[Records drawn from a dataset]
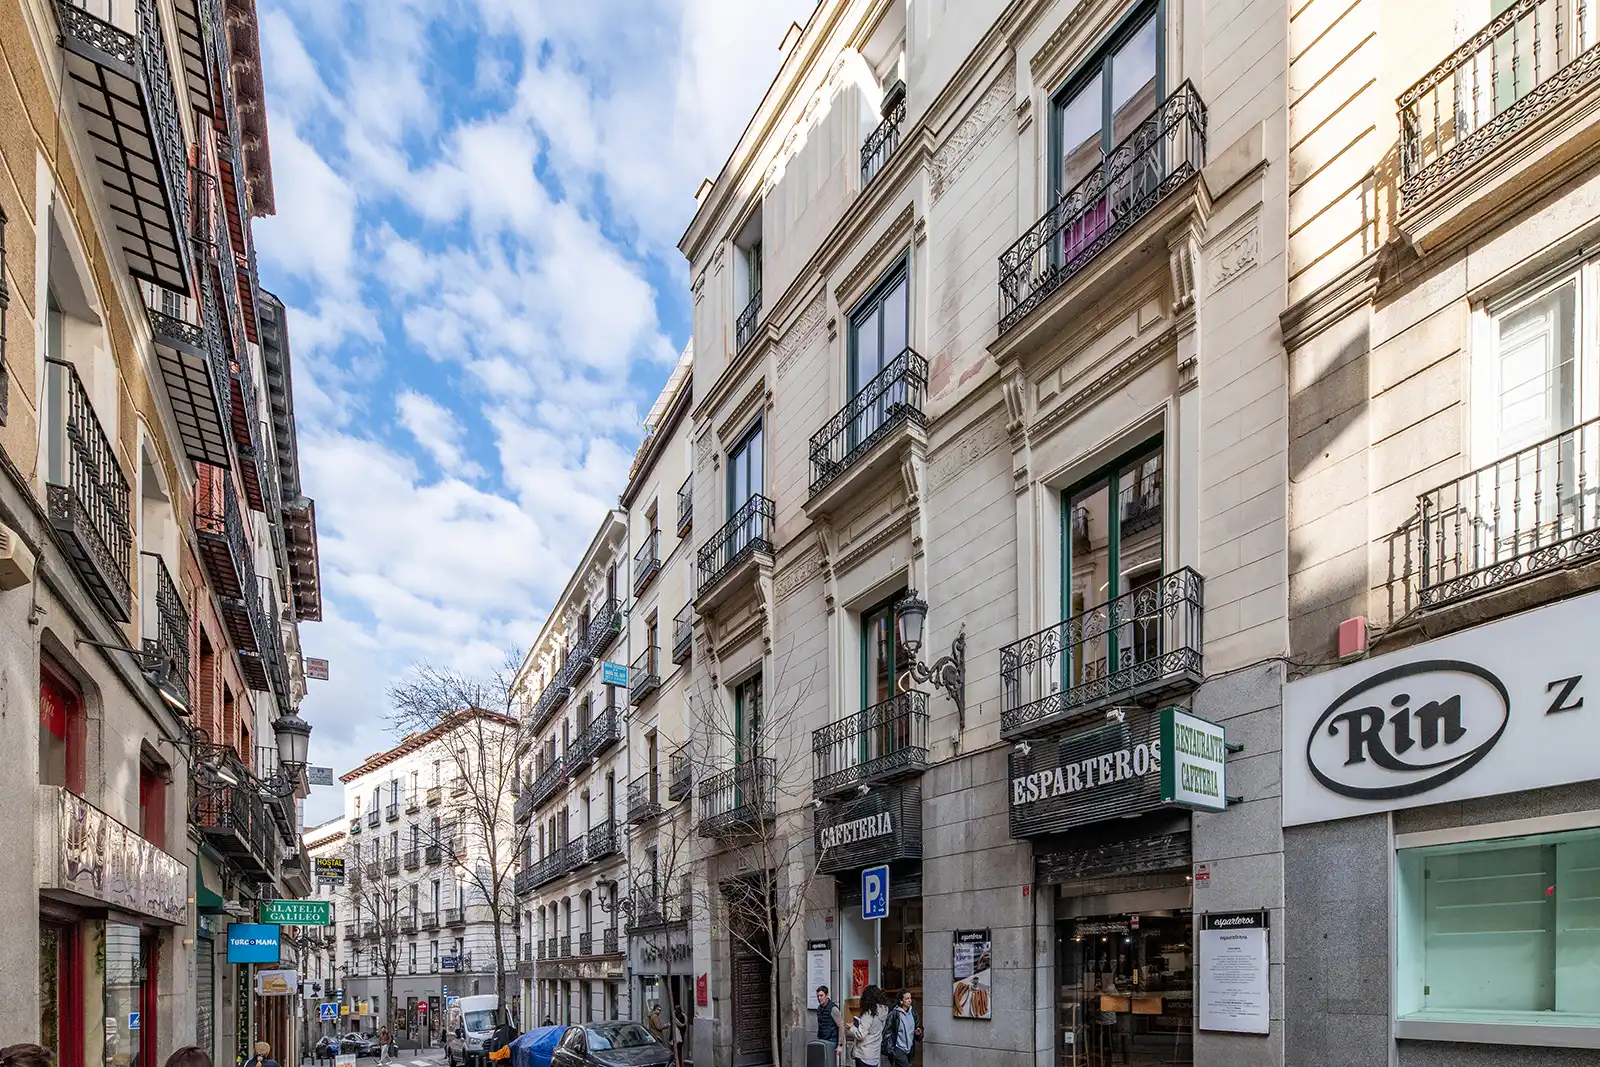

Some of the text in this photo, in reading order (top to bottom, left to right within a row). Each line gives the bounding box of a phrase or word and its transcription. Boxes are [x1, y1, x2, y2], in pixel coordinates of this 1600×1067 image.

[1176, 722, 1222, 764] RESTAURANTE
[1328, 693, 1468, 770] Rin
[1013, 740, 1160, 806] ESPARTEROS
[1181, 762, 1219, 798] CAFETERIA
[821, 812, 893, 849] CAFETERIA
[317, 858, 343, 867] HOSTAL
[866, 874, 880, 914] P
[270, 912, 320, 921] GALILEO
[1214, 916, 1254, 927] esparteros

EXERCISE OBJECTIVE: Each entry must be reproduced word for word, and any image among them left out.

TASK RESULT:
Some of the text in this photo, in reading order (top to bottom, left to right within a row). Each line gives the bounding box of a phrase or word and its transcription. Boxes are [x1, y1, x2, y2], in pixel coordinates of this 1600×1067 image.

[1176, 722, 1222, 764] RESTAURANTE
[1328, 693, 1468, 770] Rin
[1013, 740, 1160, 806] ESPARTEROS
[1181, 762, 1219, 798] CAFETERIA
[821, 812, 893, 849] CAFETERIA
[317, 858, 343, 867] HOSTAL
[866, 874, 880, 914] P
[270, 912, 320, 921] GALILEO
[1214, 916, 1254, 927] esparteros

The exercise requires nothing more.